Caveat: I am not too familiar with the physics of radiant heating, especially when combined with a typical air system.

The design I want to model uses gas radiant (overhead) heaters with an air loop gas heating system. The radiant heaters are intended to provide comfort; the air loop provides ventilation air for the entire building PLUS a reduced level of heating for the portions of the building which don't have radiant heat.
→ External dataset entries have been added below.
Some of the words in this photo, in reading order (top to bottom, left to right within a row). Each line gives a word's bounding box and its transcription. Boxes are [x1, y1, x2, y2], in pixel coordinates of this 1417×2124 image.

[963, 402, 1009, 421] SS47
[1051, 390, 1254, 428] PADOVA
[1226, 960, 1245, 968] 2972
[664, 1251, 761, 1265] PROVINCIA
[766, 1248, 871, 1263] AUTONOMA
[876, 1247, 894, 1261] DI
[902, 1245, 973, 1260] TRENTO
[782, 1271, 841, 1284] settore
It seems to me that I can use zone radiant heaters for the portions of the building that need comfort and an air loop for the rest of it, then use a ZoneCrossMixing object to "share" air between these zones.

Other notes:

  • I intend to control the radiant system using Operative Temperature and the air loop by air temperature. (This strikes me as a potential problem of the systems "fighting" each other, but, as mentioned, I'm not too familiar with these concepts inside E+.)
  • The "zones" are not separated physically by walls; it's a big warehouse in which people are normally in only portions of the building
  • There are occupied and unoccupied periods during which the zone setpoint temperatures are different
  • The radiant system is considered by ASHRAE to be a "low temperature" radiant system, but I'm assuming that E+ will model it well as long as I assign the proper combustion efficiency and radiant fraction
  • There is no mechanical cooling system

Can you please give guidance regarding anything that will be helpful to know about interactions between radiant and non-radiant systems that I should know as I begin?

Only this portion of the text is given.